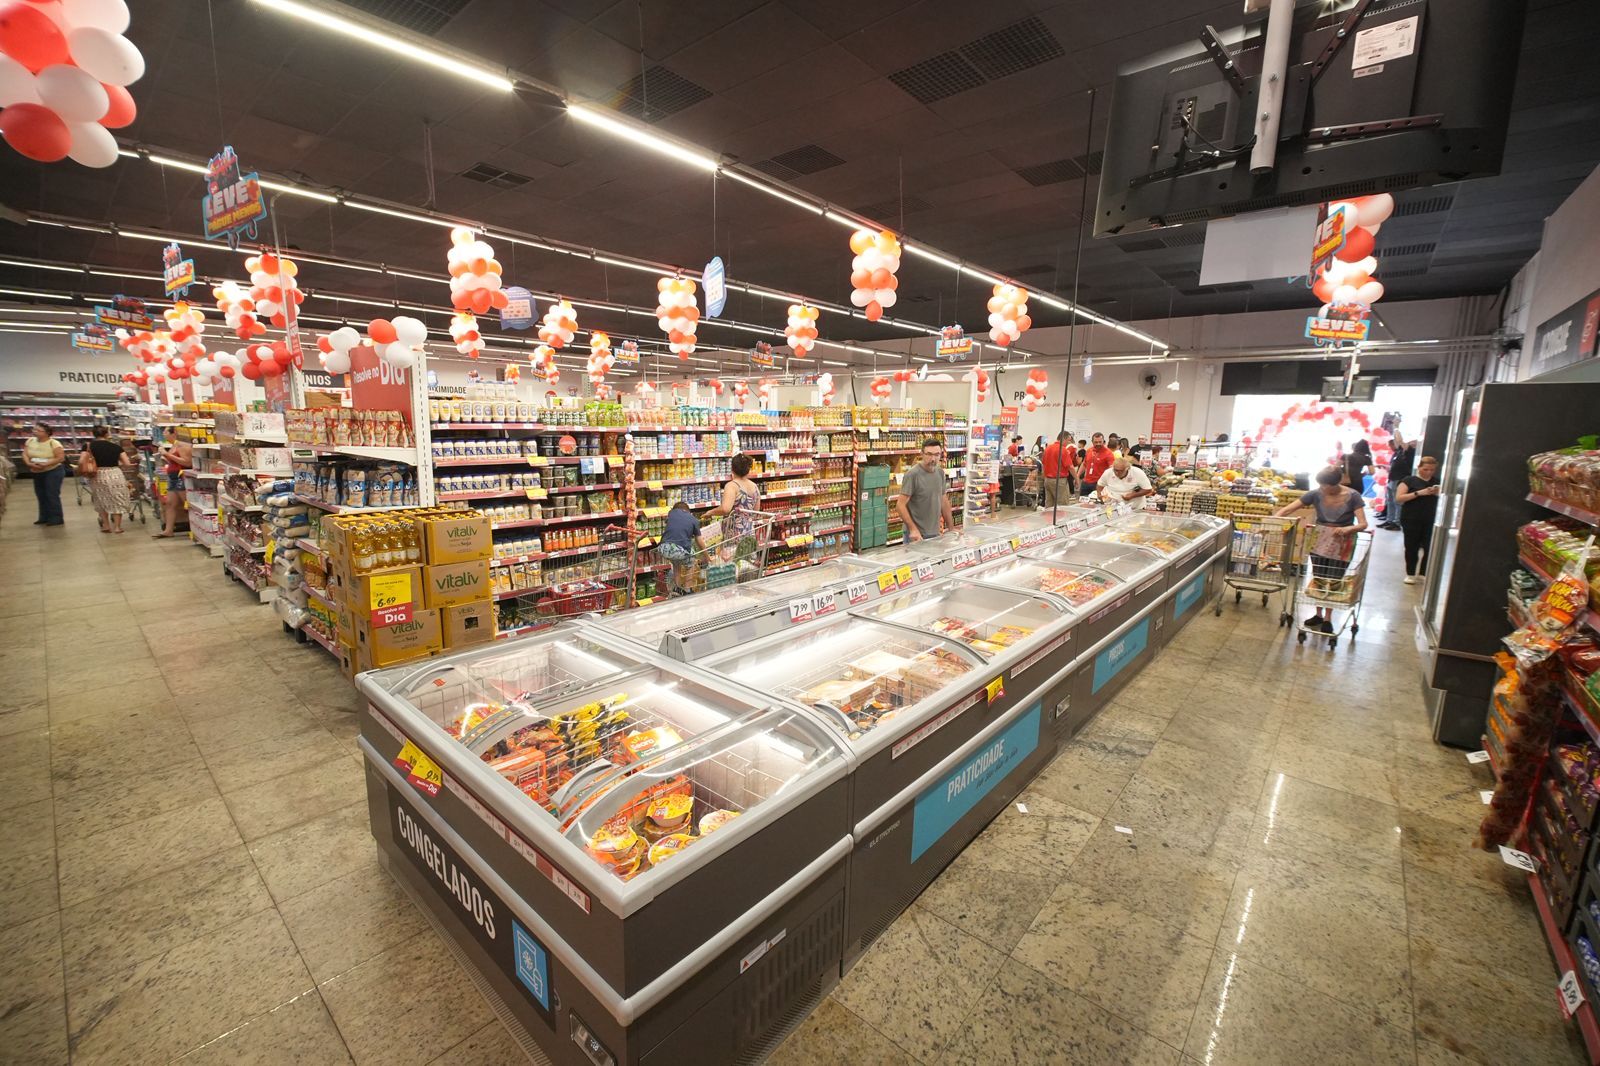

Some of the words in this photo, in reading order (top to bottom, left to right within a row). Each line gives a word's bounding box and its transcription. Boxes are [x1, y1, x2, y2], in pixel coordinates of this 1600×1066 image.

[206, 180, 249, 219] LEVE
[1309, 318, 1356, 332] LEVE
[447, 526, 478, 538] vitaliv
[436, 571, 479, 590] vitaliv
[816, 594, 833, 610] 16.99
[377, 607, 398, 616] Resolve
[385, 613, 406, 624] Dia
[947, 738, 1006, 803] PRATICIDADE
[398, 806, 496, 940] CONGELADOS

....

(TASK INSTRUCTIONS) The expected output is the full data above, reproduced exactly with no images.

(WORKED SOLUTION)
Some of the words in this photo, in reading order (top to bottom, left to right within a row). Each line gives a word's bounding box and its transcription. Boxes are [x1, y1, x2, y2], in pixel coordinates of this 1600×1066 image.

[206, 180, 249, 219] LEVE
[1309, 318, 1356, 332] LEVE
[447, 526, 478, 538] vitaliv
[436, 571, 479, 590] vitaliv
[816, 594, 833, 610] 16.99
[377, 607, 398, 616] Resolve
[385, 613, 406, 624] Dia
[947, 738, 1006, 803] PRATICIDADE
[398, 806, 496, 940] CONGELADOS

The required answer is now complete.